The key to living the charge of THE HURT LOCKER is to embrace the chaos and the way all the Arab faces in the street vibe possible suspects one second and merely local citizens checking things out from their windows the next, possibly on cell phones, possibly with guns... oh wait, a paint roller. Firefights take place sometimes miles away (the sort of thing a movie like BODY OF LIES tried to achieve while also adhering to outmoded rules of dramatic cohesion and liberal equality) and the natural leadership of our James makes you realize that what The Dog Whisperer says is so: the leader is the one who is most relaxed under fire. Renner strides boldly forward where Leos fear to tread. Hurt Locker, I'll be praying for you to win... Thanks Renner for looking a lot like my gun nut brother Fred and helping me understand him more, and to see that shrapnel-burn can look a lot like acne and have that be okay, to have a square nose like Reid, the World's Toughest Milkman and have that be okay, and to have a clean shaven guy show up all these wispy characters floating around the ABC sitcom promos with their exquisitely disheveled casual wear and perfectly mussed 11-o-clock shadow.

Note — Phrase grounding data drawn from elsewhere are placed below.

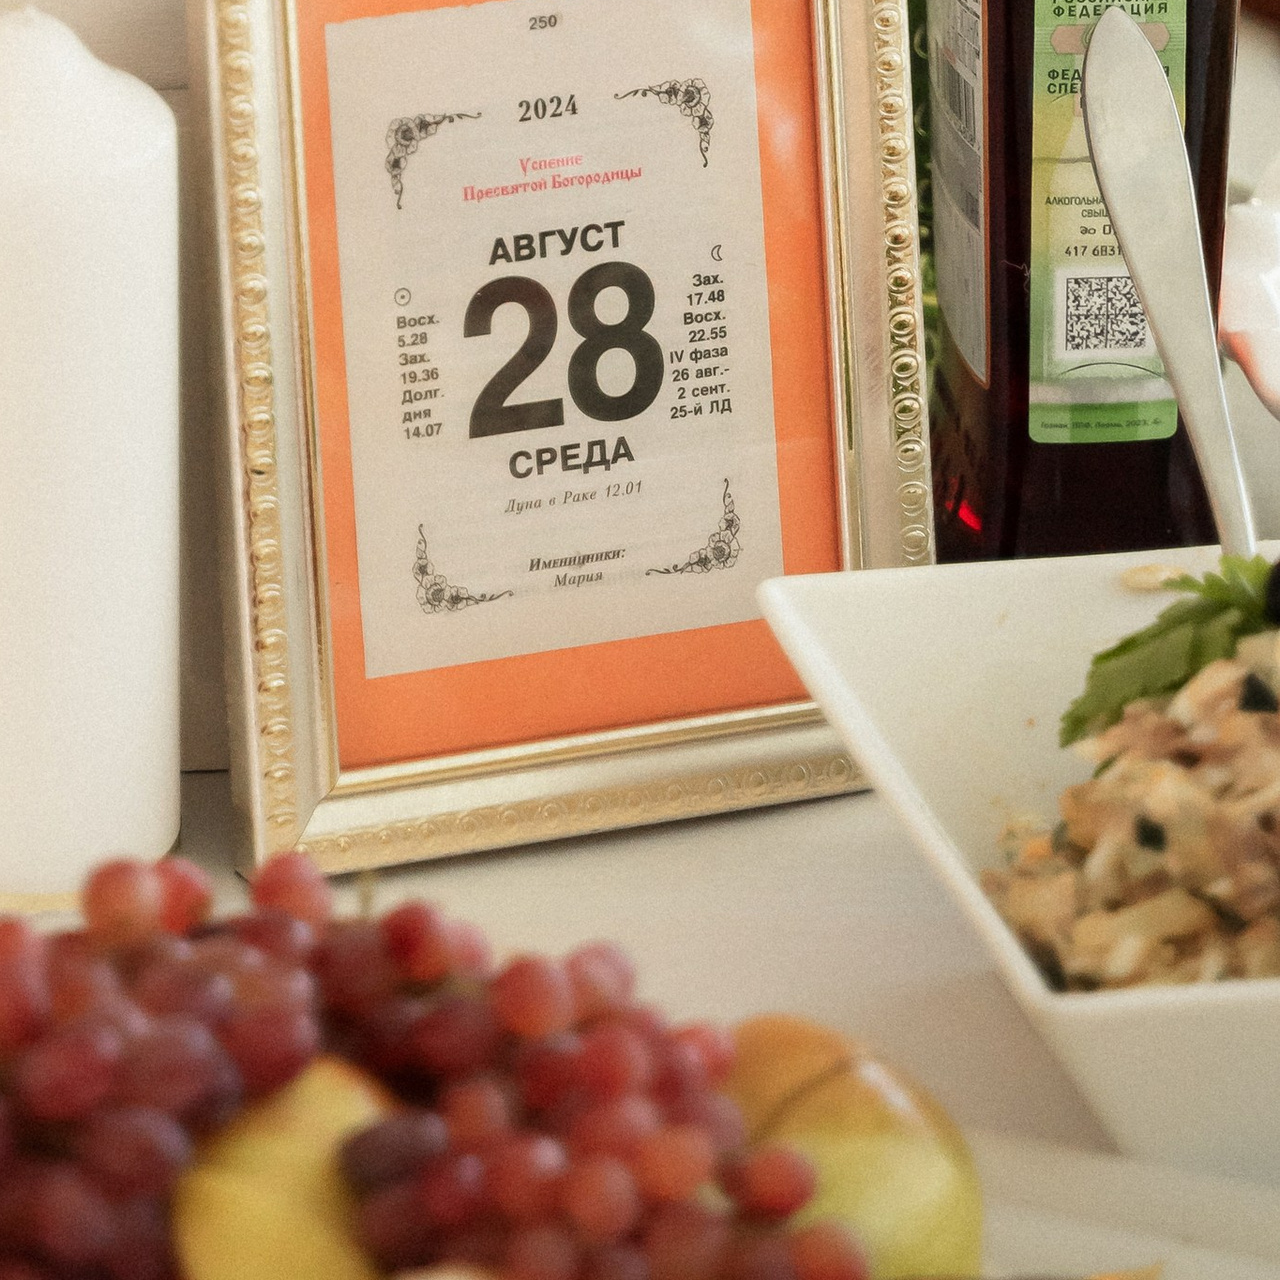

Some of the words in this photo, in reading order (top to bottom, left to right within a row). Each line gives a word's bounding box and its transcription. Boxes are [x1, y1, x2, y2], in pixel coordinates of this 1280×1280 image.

[1052, 2, 1168, 18] ФЕДЕЦИЯ
[528, 14, 558, 30] 250
[518, 94, 579, 122] 2024
[519, 154, 583, 176] Успение
[463, 176, 548, 202] Пресвятой
[551, 167, 642, 190] Богородицы
[1045, 196, 1106, 206] АЛКОГОЛЬНА
[488, 220, 626, 265] АВГУСТ
[1064, 245, 1088, 257] 417
[692, 273, 724, 288] Зах.
[686, 289, 725, 306] 17.48
[396, 314, 440, 329] Восх.
[684, 308, 726, 325] Восх.
[397, 331, 428, 347] 5.28
[688, 326, 728, 343] 22.55
[398, 350, 431, 366] Зах.
[463, 261, 665, 439] 28
[669, 350, 685, 364] IV
[689, 346, 729, 364] фаза
[400, 368, 440, 385] 19.36
[672, 367, 690, 382] 26
[401, 386, 445, 406] Долг.
[677, 386, 686, 400] 2
[691, 384, 731, 398] сент.
[402, 407, 432, 424] дня
[670, 401, 704, 419] 25-й
[709, 398, 733, 416] ЛД
[403, 423, 443, 440] 14.07
[508, 436, 636, 479] СРЕДА
[504, 496, 542, 516] Луна
[548, 495, 556, 507] в
[563, 489, 598, 505] Раке
[605, 480, 643, 499] 12.01
[553, 570, 604, 589] Мария
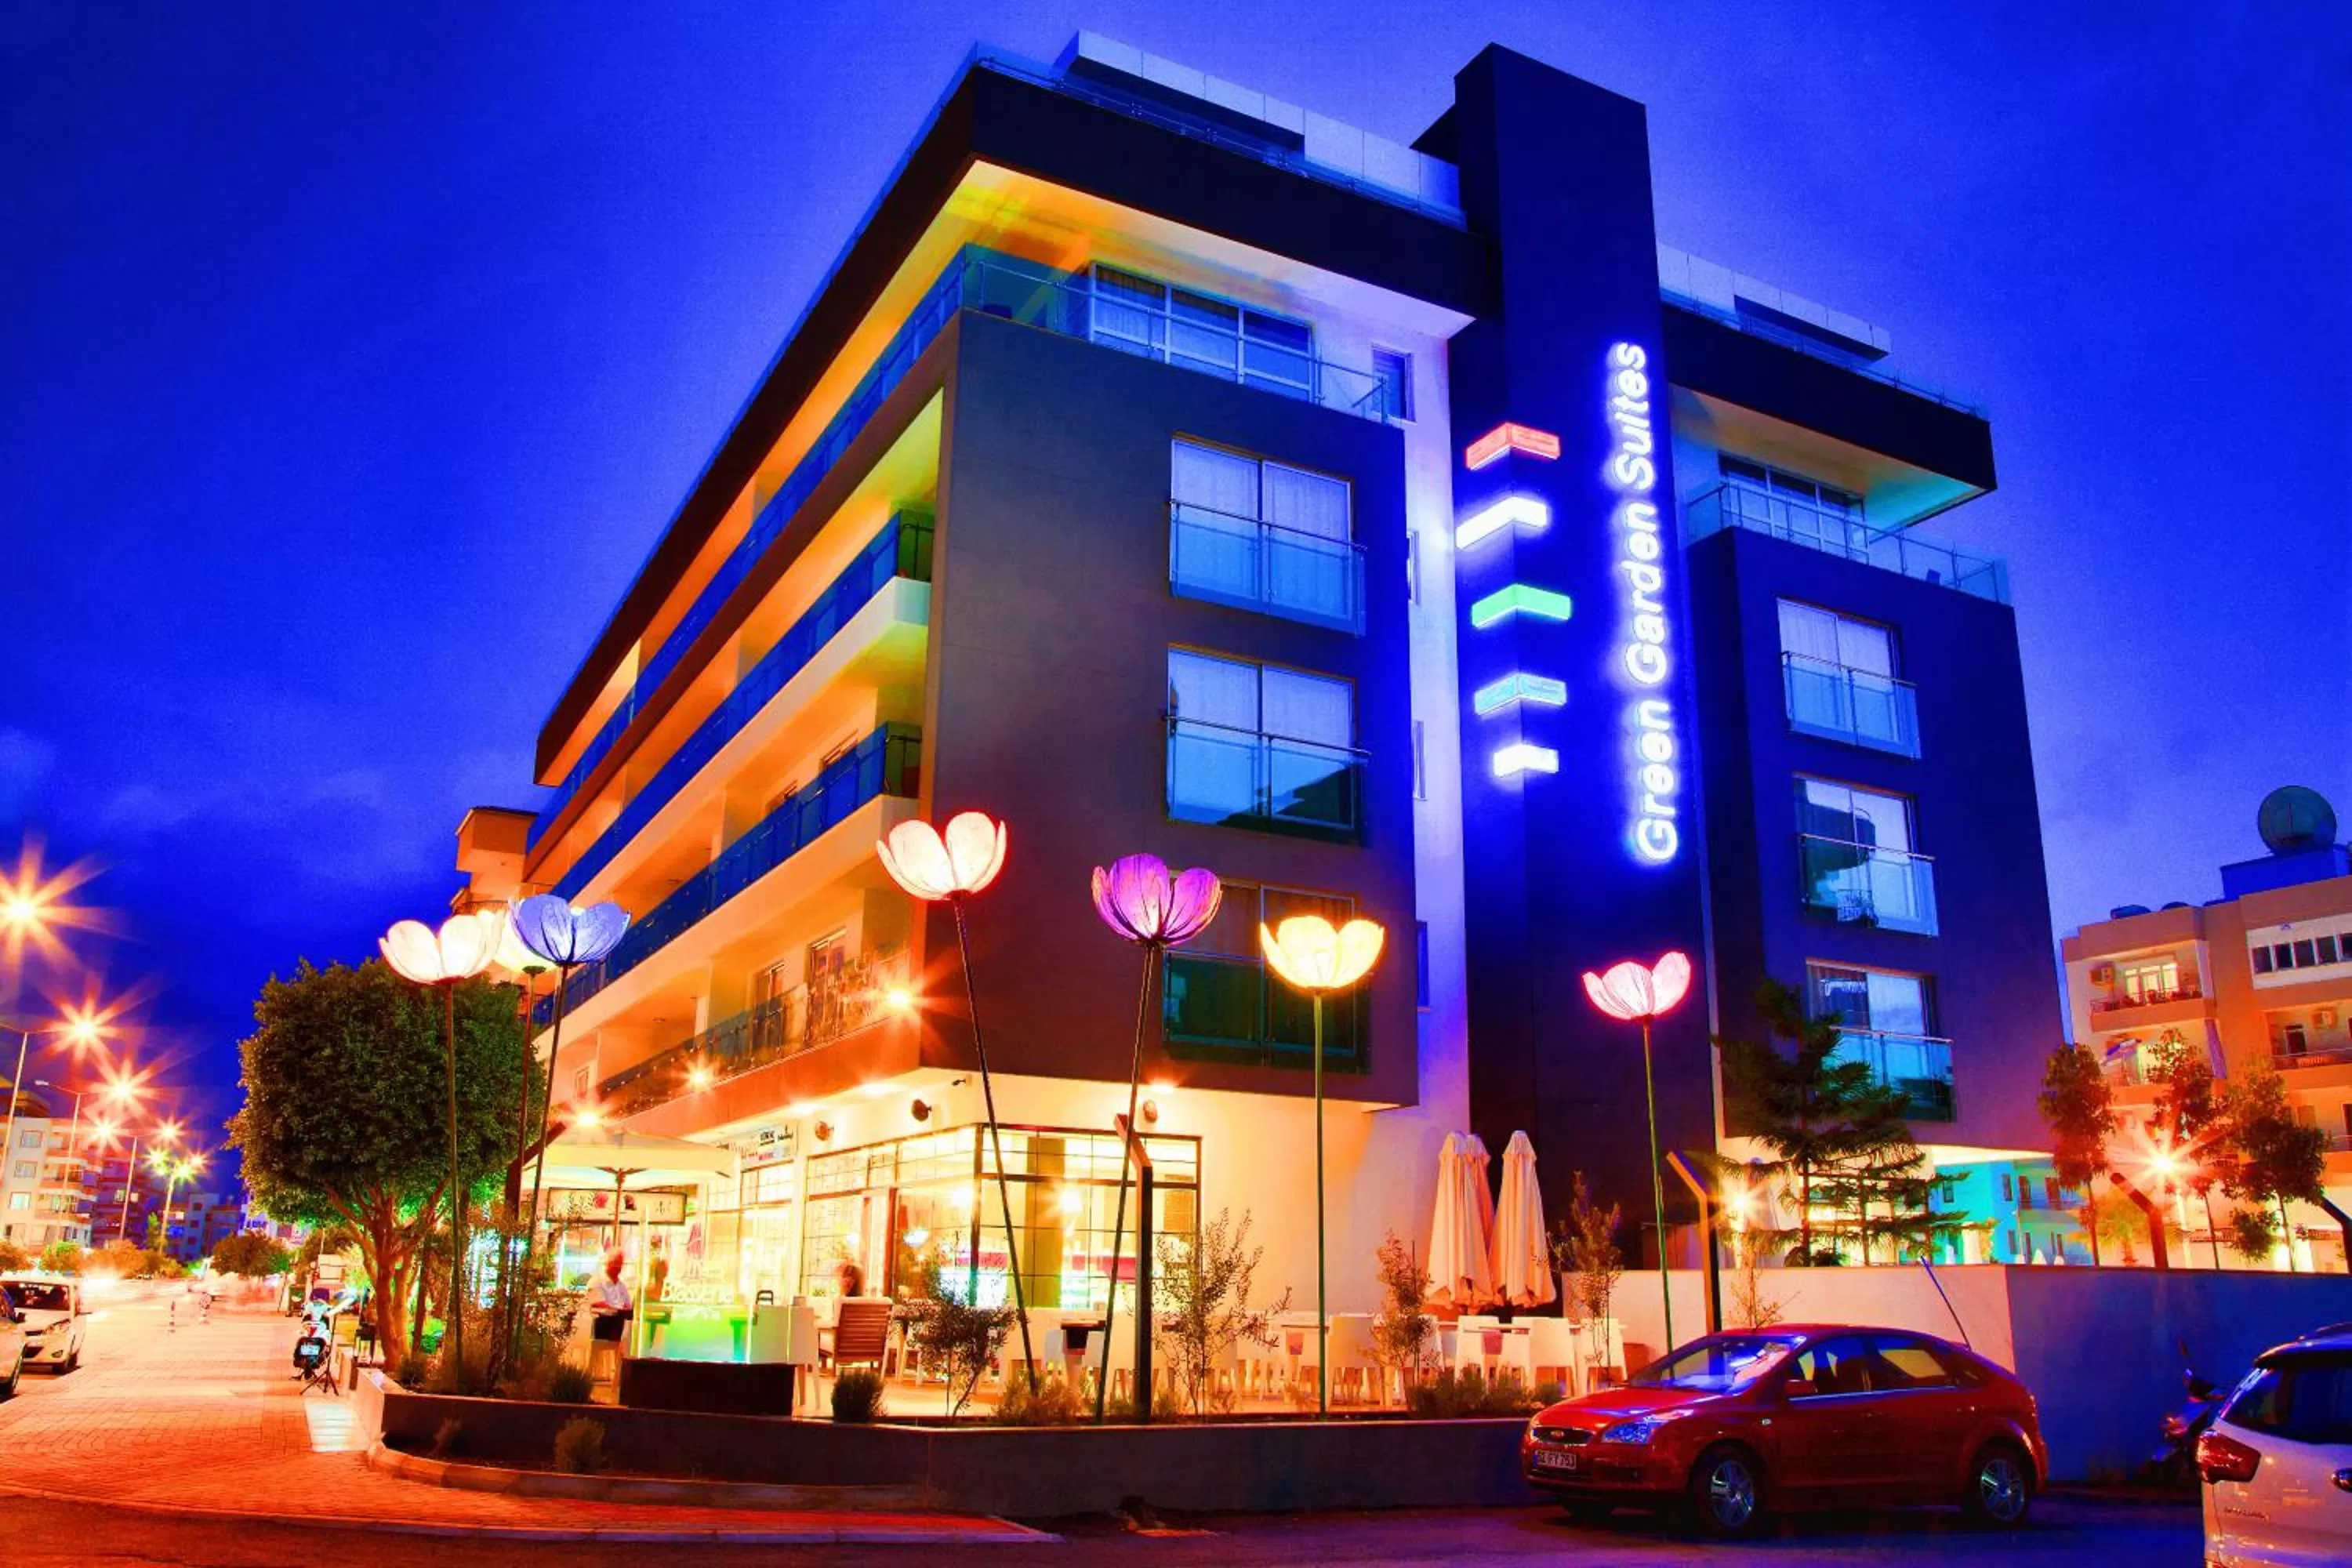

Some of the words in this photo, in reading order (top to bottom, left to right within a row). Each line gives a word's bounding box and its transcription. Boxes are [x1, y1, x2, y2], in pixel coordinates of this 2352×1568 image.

[1612, 342, 1655, 491] Suites
[1620, 503, 1668, 684] Garden
[1637, 699, 1679, 860] Green

I am imagining Kathryn Bigelow (above) as the Evelyn Mulray to Howard Hawks' Noah Cross and I mean that in the best possible way because I revere Hawks uber alles and this would be perhaps a non-incestuous version, one with more fishing and hunting and target practice. I'm sure Hawks would have called HURT LOCKER "a damn good picture" and Bigelow "a damnned good-looking girl."
Dear Kathryn, let Oscar be the wings that lift you into the A-list auteur roster next to Paul Thomas Anderson and John Ford and make us all re-evaluate STRANGE DAYS or at the very least, struggle to fathom your age-defying hotness. Praise the Lord and pass the hollow point BLUE STEEL ammunition.